I Was Shot Last Week…
An attack on freedom of speech is an attack on you and I, whether we have the same opinion or not. The Charlie Hedbo shooting is not an isolated incident but history repeating itself and an everyday reality in parts of the world less reported.
The cold blooded murderers from the shooting, the vandals who are now smashing mosques in retaliation, Rupert Murdoch with his ignorant sweeping generalisations and the French state who banned the burka – they are all cut from the same cloth. The victim here is the basic human right to express and the attacker is intolerance.
Heroes and Villains
The shooters are psychopathic criminals and they could have said they did it because Charlie Hebdo drew a satirical cartoon that offended blondes – if that was the case would it be fair to blame all blondes or even hair colour in general? Islam has just as much to do with this as the clothes a rape victim was wearing when they were attacked – NOTHING. The current narrative sensationalised by mainstream media is reductive and trivialises the situation by polarising society to find a hero and villain.

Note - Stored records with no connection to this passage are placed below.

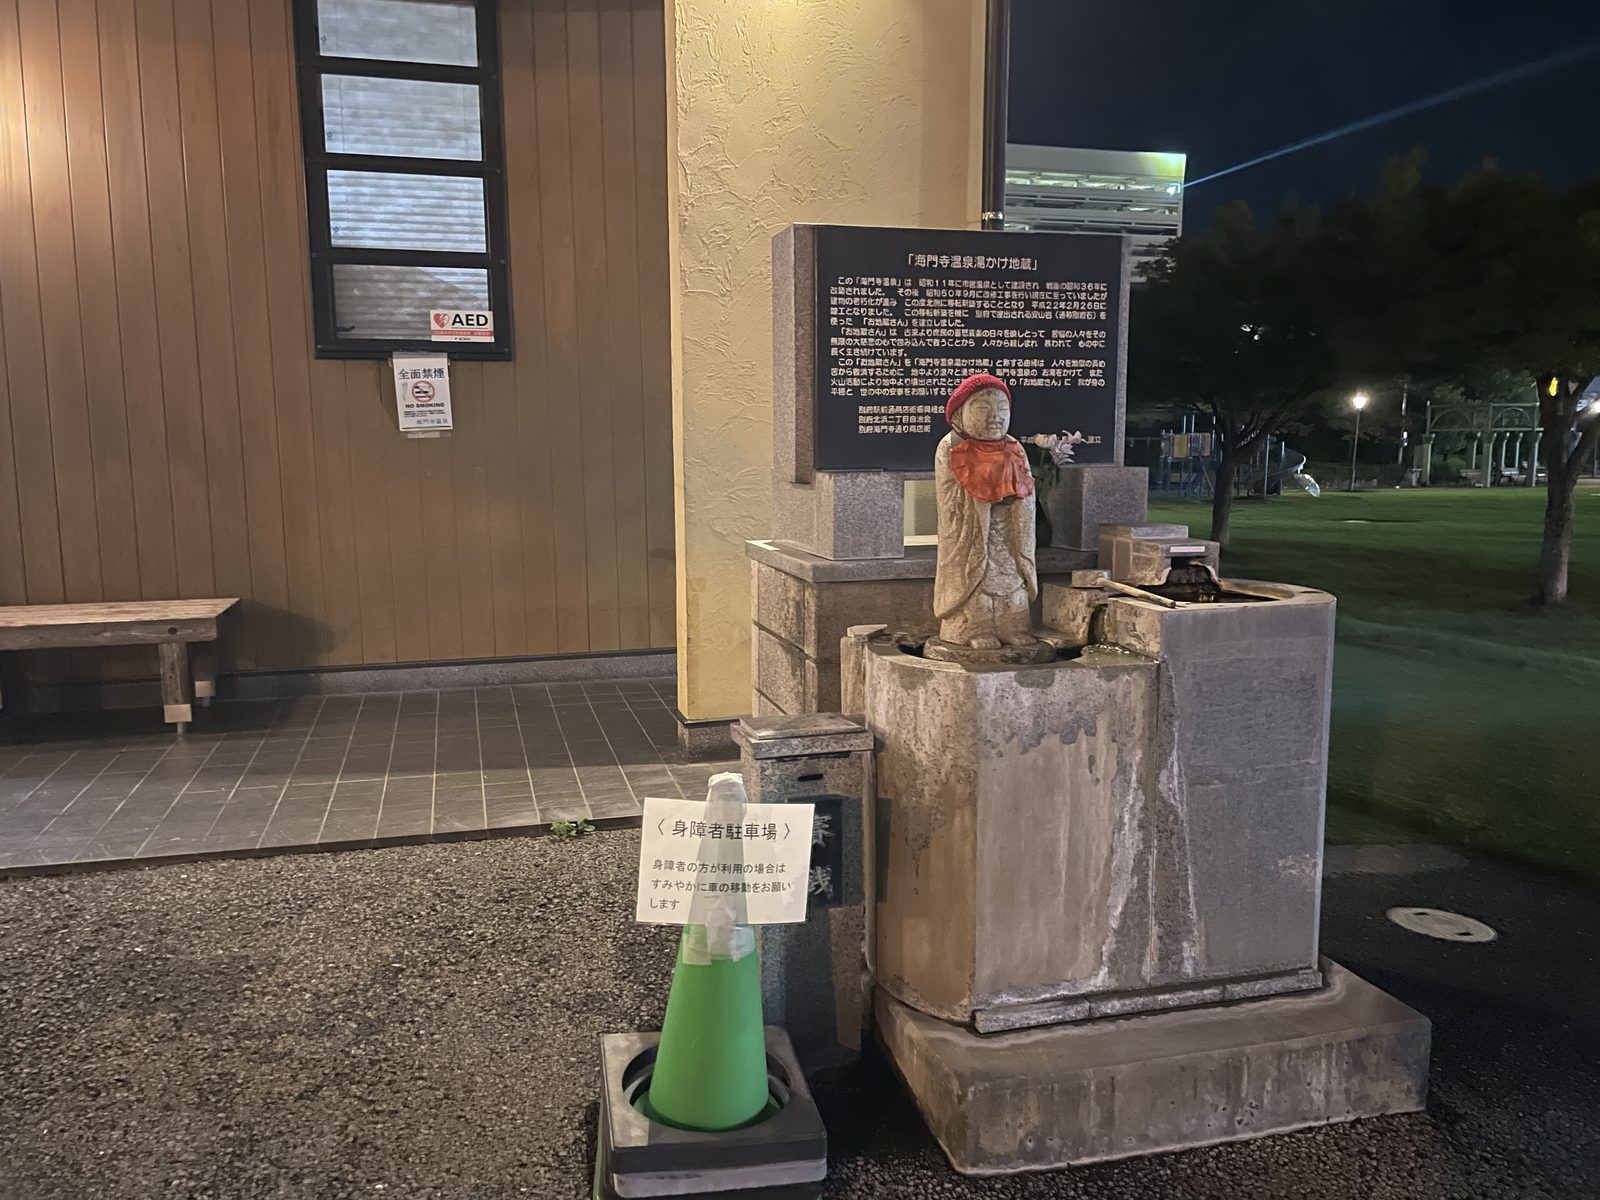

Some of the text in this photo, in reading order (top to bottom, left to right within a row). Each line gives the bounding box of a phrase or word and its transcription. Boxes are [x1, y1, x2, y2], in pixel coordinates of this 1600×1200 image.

[907, 253, 1038, 271] 「海門寺温泉湯かけ地蔵」
[451, 313, 489, 327] AED
[398, 367, 446, 380] 全面禁煙
[652, 859, 786, 875] 身障者の方が利用の場合は
[651, 878, 791, 894] すみやかに車の移動をお願い
[649, 898, 680, 910] します

Bringing Islam into the discussion is only blinding us from bigger questions about a society that is collectively responsible for producing these killers. Why are people feeling disenfranchised from the society they live in? Why are we not able to protect the vulnerable who are being exploited and radicalised? What role does Western Governments’ involvement in foreign conflicts play in this? Why are we so intolerant as a society?
Democracy: A nice idea?
The cornerstone of every working democracy is the freedom of expression. It would not be possible for people to use the right to vote or contribute to the decision-making process in their society without the access to information and ideas, or the space to express their views freely. This incident is not just about a magazine or a cartoon - this is about upholding the values of a democracy.
Today it’s a cartoon; tomorrow it could be another book, play, song, film – you might even be told to remove your Facebook status. It’s happened before and it will happen again if we don’t protect not just our own right to express but also our neighbour’s right even if you don’t agree with them. If not, there will be a time when we won’t even be allowed to have an opinion. It’s a sad state of affairs that this is not a case of my imagination going wild, as we can sit here and name examples of countries where a small elitist group decide what people see, hear and feel.
I am not Charlie
This quick-to-shut-things-down approach by banning, censoring, burning and now killing are creating an environment where decisions are now more and more being made out of fear. The fear that particular interest groups will be offended. Well, what about the rest of us? Are you not offending us by disregarding our right to choose? And who are these people who are so easily offended? If someone is offended, then that’s their opinion and of course they are entitled to it. But by allowing this cancerous fear to continue, we run the risk of creating a society that is slave to fringe elements, limiting areas of thought and expression, destroying human mind, creativity and the relationship between man with himself and man with others.
Think about the bigger picture beyond the fad of putting up ‘Je Suis Charlie’ as your profile picture. I am not Charlie but I will protect his right to express whether I agree with it or not – in the same way you have the right to choose whether these are words or mere sounds but more importantly I have the right to say them.